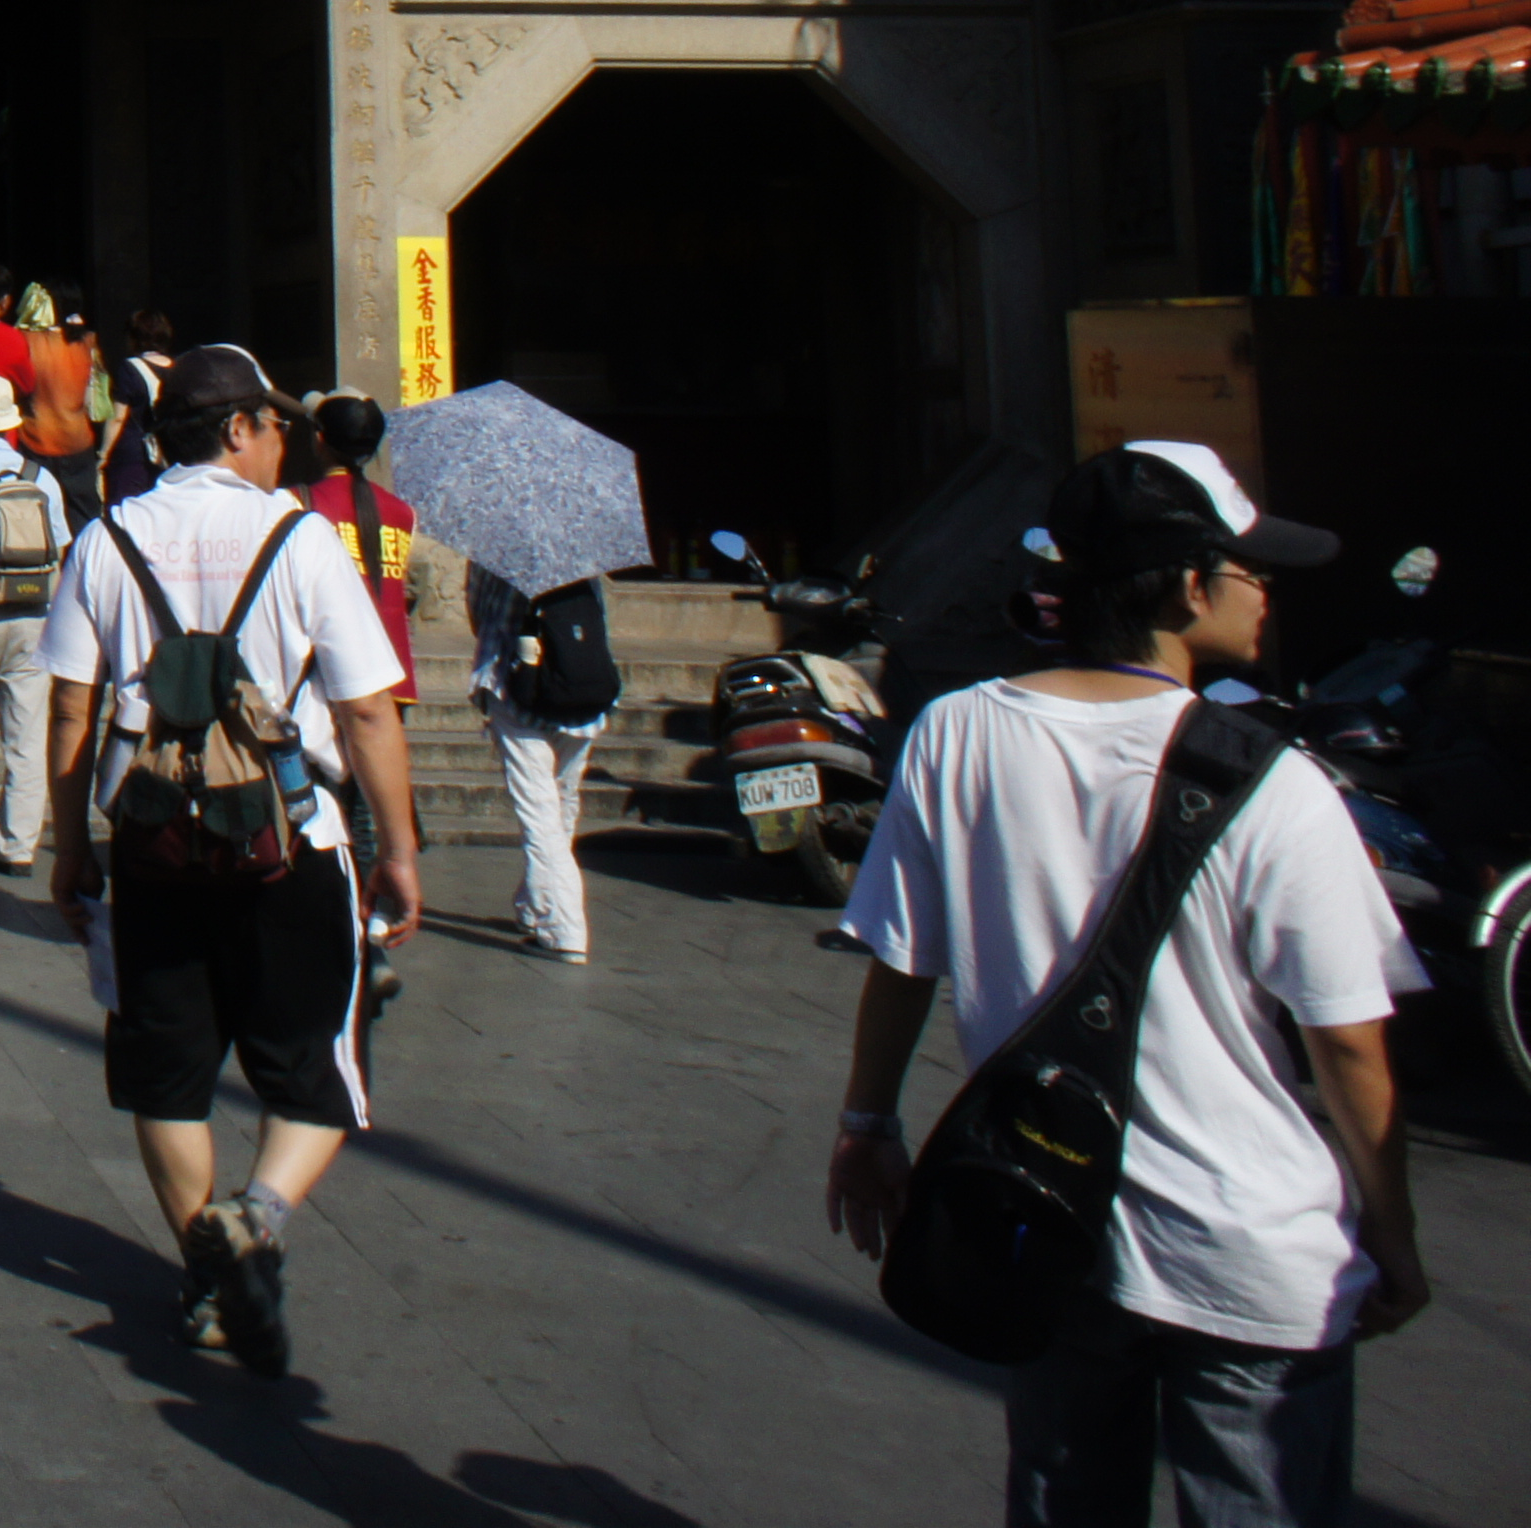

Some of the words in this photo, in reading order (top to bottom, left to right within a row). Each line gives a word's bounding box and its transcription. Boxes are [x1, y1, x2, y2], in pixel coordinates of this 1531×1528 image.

[411, 247, 443, 399] 金香服務
[189, 538, 242, 564] 2008
[738, 776, 816, 808] KUW-708
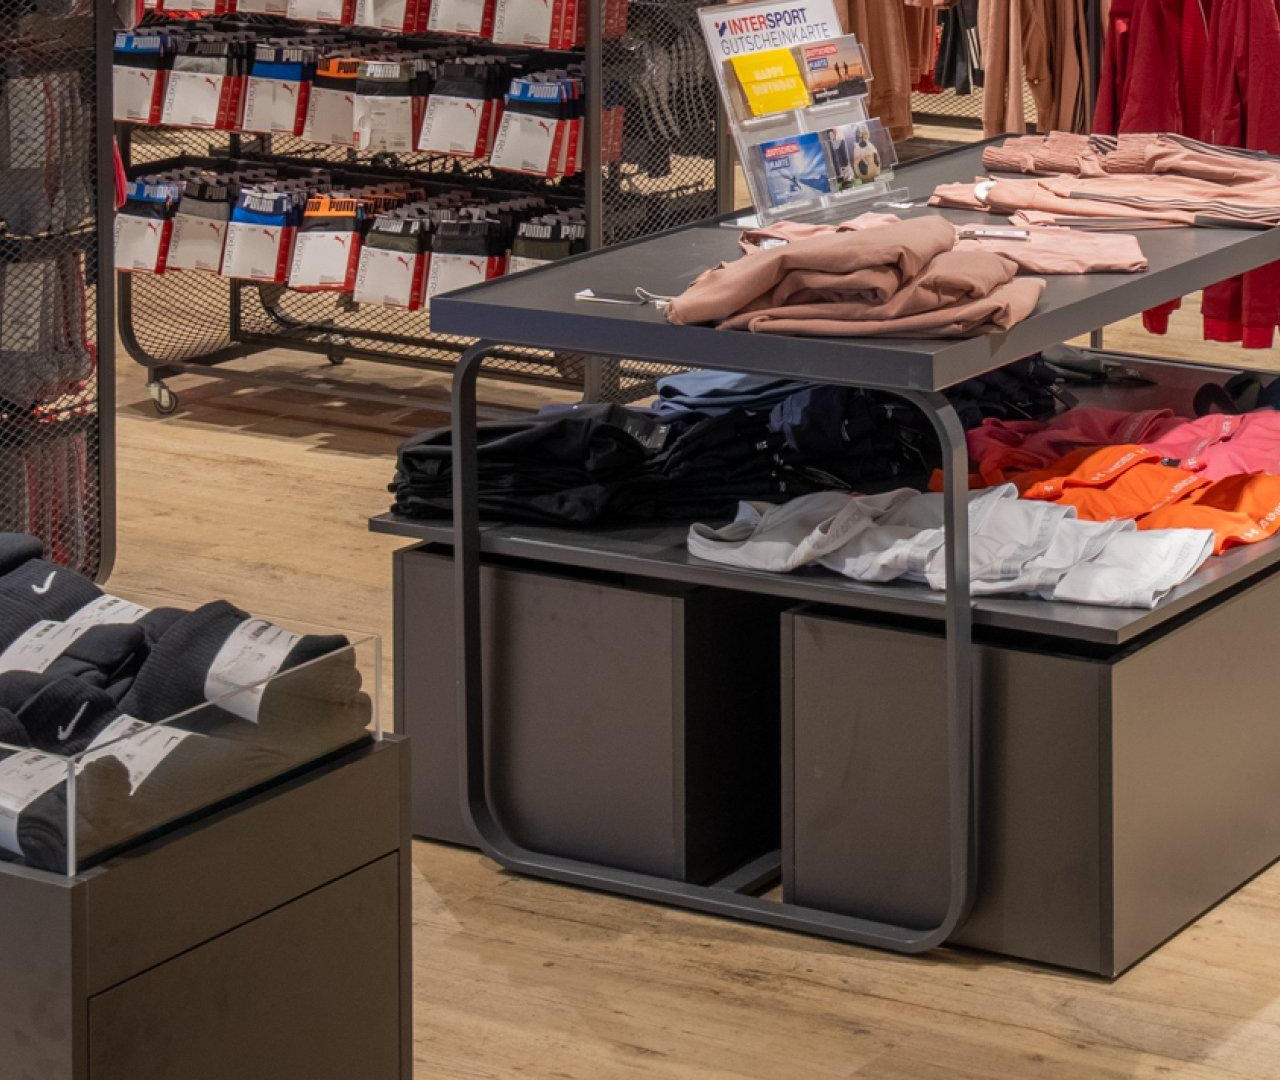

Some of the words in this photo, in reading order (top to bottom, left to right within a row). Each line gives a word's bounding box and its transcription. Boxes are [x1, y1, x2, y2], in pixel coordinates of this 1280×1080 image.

[727, 7, 807, 36] INTERSPORT
[720, 22, 831, 56] GUTSCHEINKARTE
[519, 222, 552, 239] PUMA
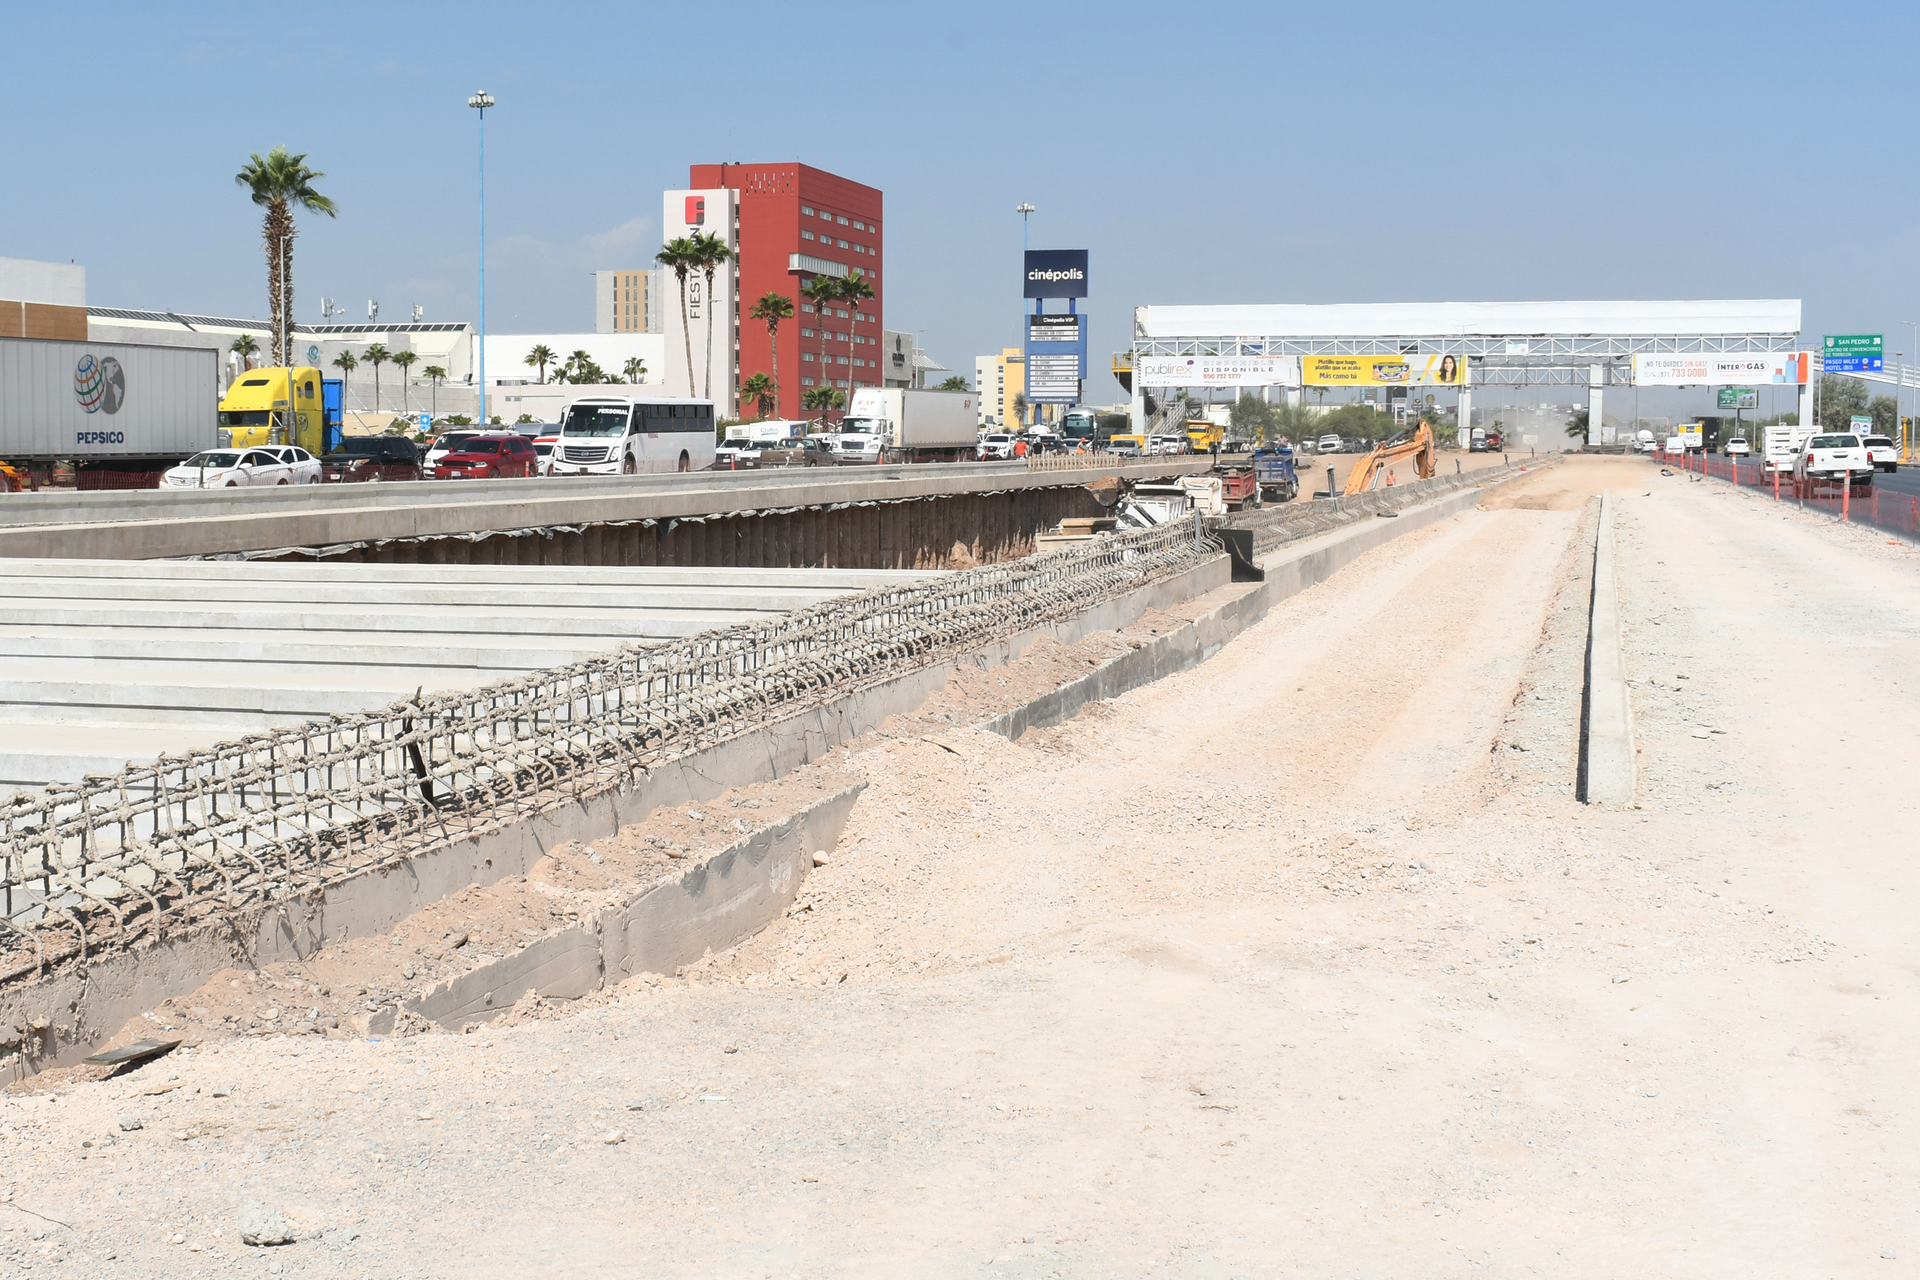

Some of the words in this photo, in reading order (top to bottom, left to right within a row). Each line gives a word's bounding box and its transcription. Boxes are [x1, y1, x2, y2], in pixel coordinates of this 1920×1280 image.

[1028, 268, 1084, 282] cinépolis
[1145, 363, 1192, 377] publirex
[1671, 368, 1685, 378] 733
[1687, 368, 1707, 378] 0000
[597, 408, 629, 416] PERSONAL
[77, 431, 124, 444] PEPSICO
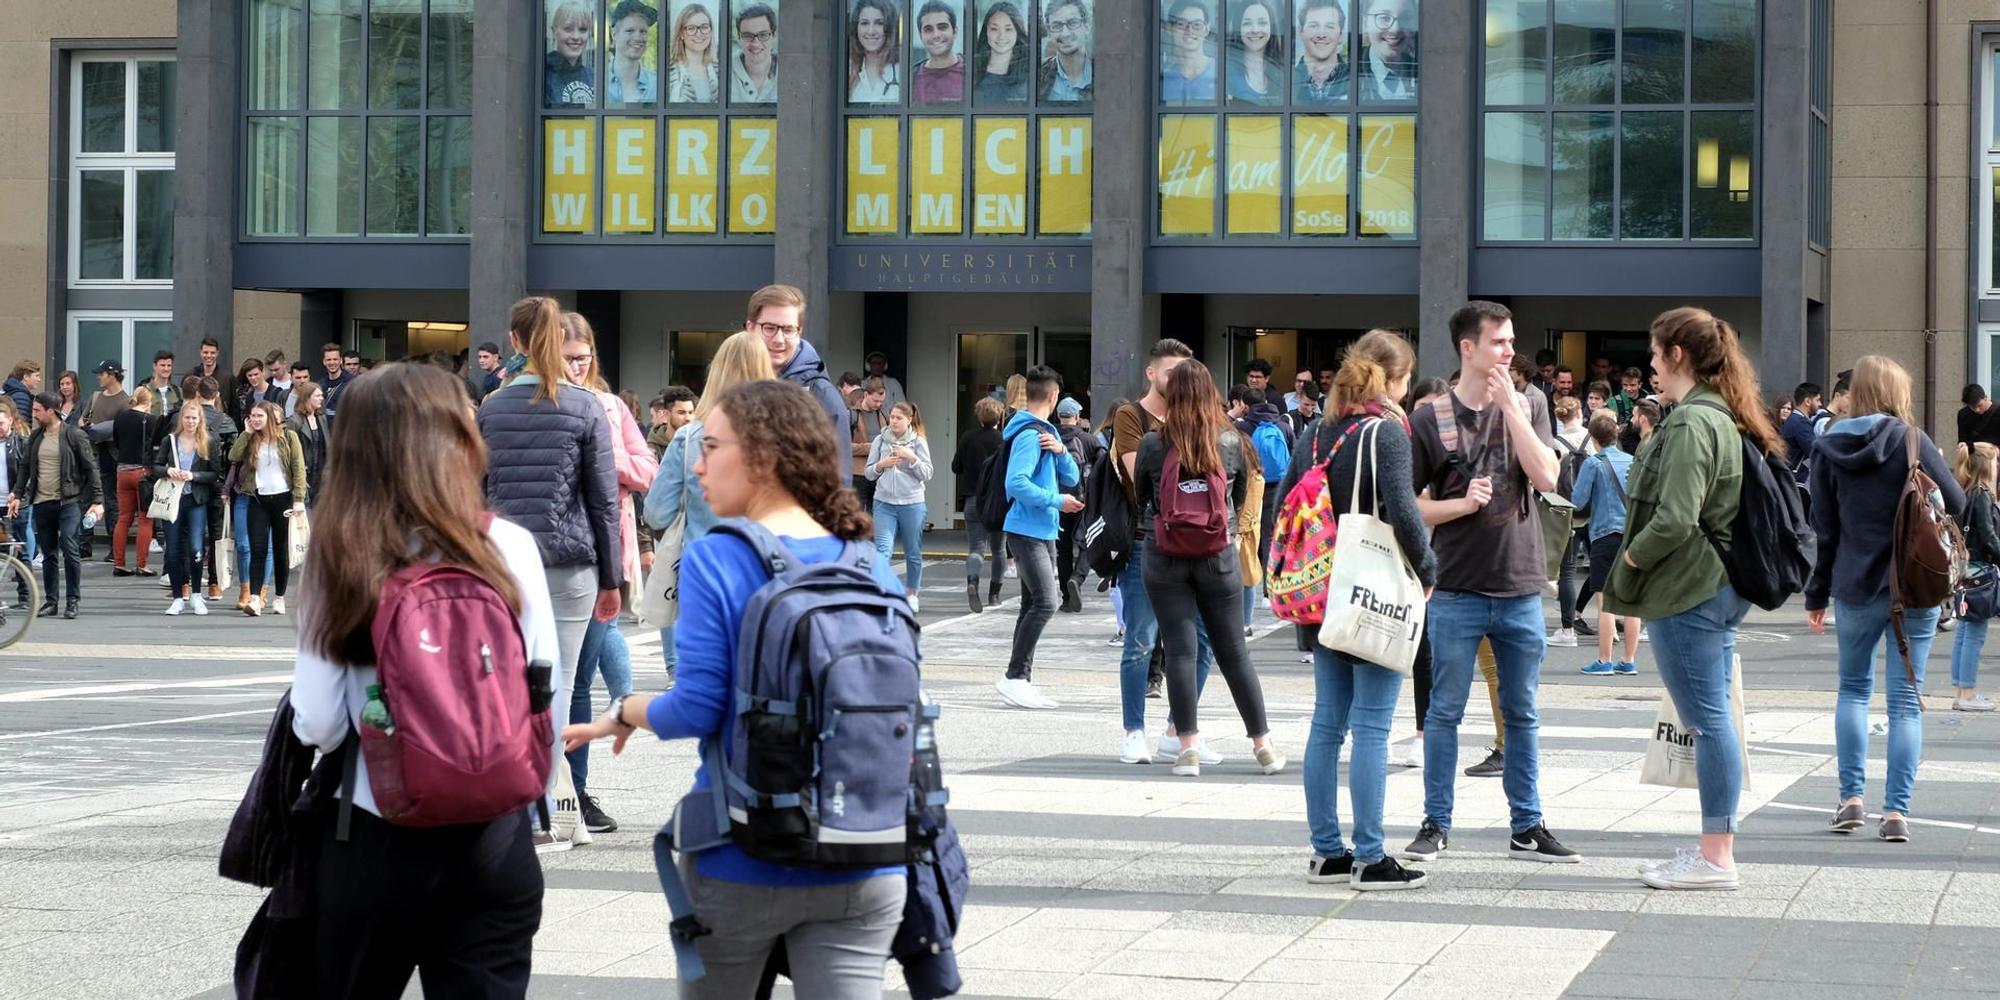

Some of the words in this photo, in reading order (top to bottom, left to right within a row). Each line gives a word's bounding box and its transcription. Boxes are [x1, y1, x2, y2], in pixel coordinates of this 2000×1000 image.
-*-
Produce an exact copy of the lines from the line containing "this 1280×1080 image." through the last line of the records, with no pictures and no other text.

→ Answer to this exercise
Some of the words in this photo, in reading order (top to bottom, left to right within a row). Each line gives a word's bounding box and its transcription. Boxes are [x1, y1, x2, y2], in pixel coordinates of this 1280×1080 image.

[727, 7, 807, 36] INTERSPORT
[720, 22, 831, 56] GUTSCHEINKARTE
[519, 222, 552, 239] PUMA

Some of the words in this photo, in reading order (top to bottom, left to right within a row). Each line gives a word's bounding box and its transcription. Boxes are [x1, y1, x2, y2], in pixel coordinates of this 1920×1280 image.

[1028, 268, 1084, 282] cinépolis
[1145, 363, 1192, 377] publirex
[1671, 368, 1685, 378] 733
[1687, 368, 1707, 378] 0000
[597, 408, 629, 416] PERSONAL
[77, 431, 124, 444] PEPSICO

Some of the words in this photo, in reading order (top to bottom, left to right within a row). Each line gives a word's bounding box and its transcription. Boxes are [x1, y1, x2, y2], in pixel coordinates of this 2000×1000 image.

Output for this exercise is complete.